February 5, 2019
Dammit, Barbara Ehrenreich, did you tweet something racist?
by Michael Barron

Photo of Barbara Ehrenreich by David Shankbone licensed under CC BY-SA 2.5
Racism has a habit of rearing its ugly head when you least expect it, and sometimes that can mean from the people you least expect. Usually when that happens, it happens on mankind’s greatest public platform for shoot first, ask questions later, commentary—Twitter.
Except there were many questions raised when the lauded muckraking journalist and writer Barbara Ehrenreich went on the social media platform to take to task the forewoman of feng shui—Marie Kondo.
Kondo, who has published best-selling books on how to jazz up the otherwise mundane task of keeping one’s living space neat and tidy, now has a Netflix TV show—Tidying Up with Marie Kondo. And gasp, because she does not speak fluently, she uses a translator to communicate with her English-speaking clientele.

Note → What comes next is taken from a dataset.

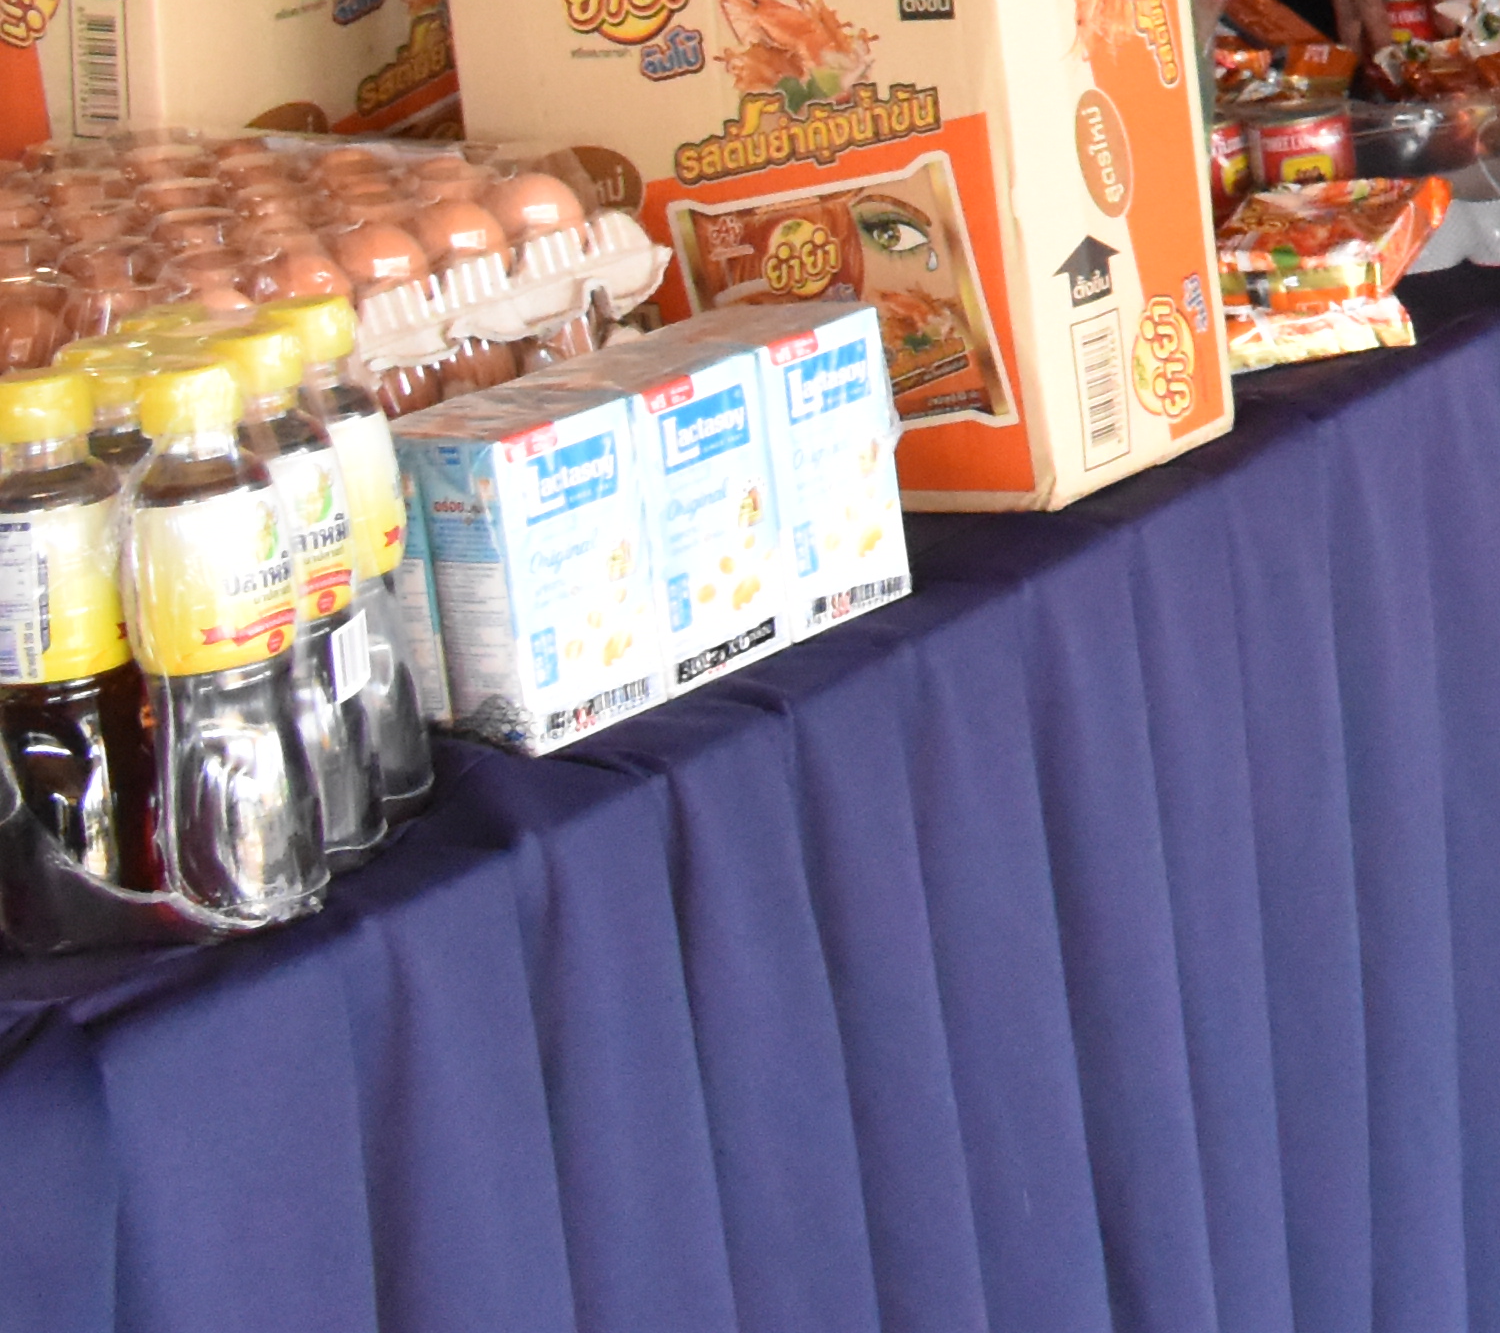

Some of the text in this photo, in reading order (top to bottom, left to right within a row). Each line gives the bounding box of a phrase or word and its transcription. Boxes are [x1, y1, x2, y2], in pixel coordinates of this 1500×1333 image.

For Ehrenreich, who has published best-selling book on the struggles of the American working class, this was too much. As USA Today’s Sarah Day Owen reports, Ehrenreich took to Twitter to voice a rather off-color remark:
I assume Barbara Ehrenreich will delete this racist/xenophobic tweet but let’s not forget that even otherwise “progressive” white folks have a huge capacity for racism. pic.twitter.com/s8BmMmFcBt
— northern transplant (@colocha_rachel) February 4, 2019
And to think, all this time, I’d thought the election of Donald Trump, the Unite the Right Rally in Charlottesville, the month+ long government shutdown over the funding for a border wall, were signs of America’s decline as a world power. Where to begin after you’ve managed not to choke on your own fury? Well, maybe this:
And lo, the great and mighty milkshake duck raised its massive, dripping head from the fell swamp and claimed in its beaked maw the once bright Barbara Ehrenreich.
— Summer Brennan 🌈👠 (@summerbrennan) February 4, 2019
This is what happens when a meme for a racist duck runs out of milkshake. It starts drinking the blood of people you once admired, and rather than scream in horror, you instead send your palm straight for a forehead-splatting slap. Take a break from twitter, Ehrenreich.
Michael Barron is an editor at Melville House.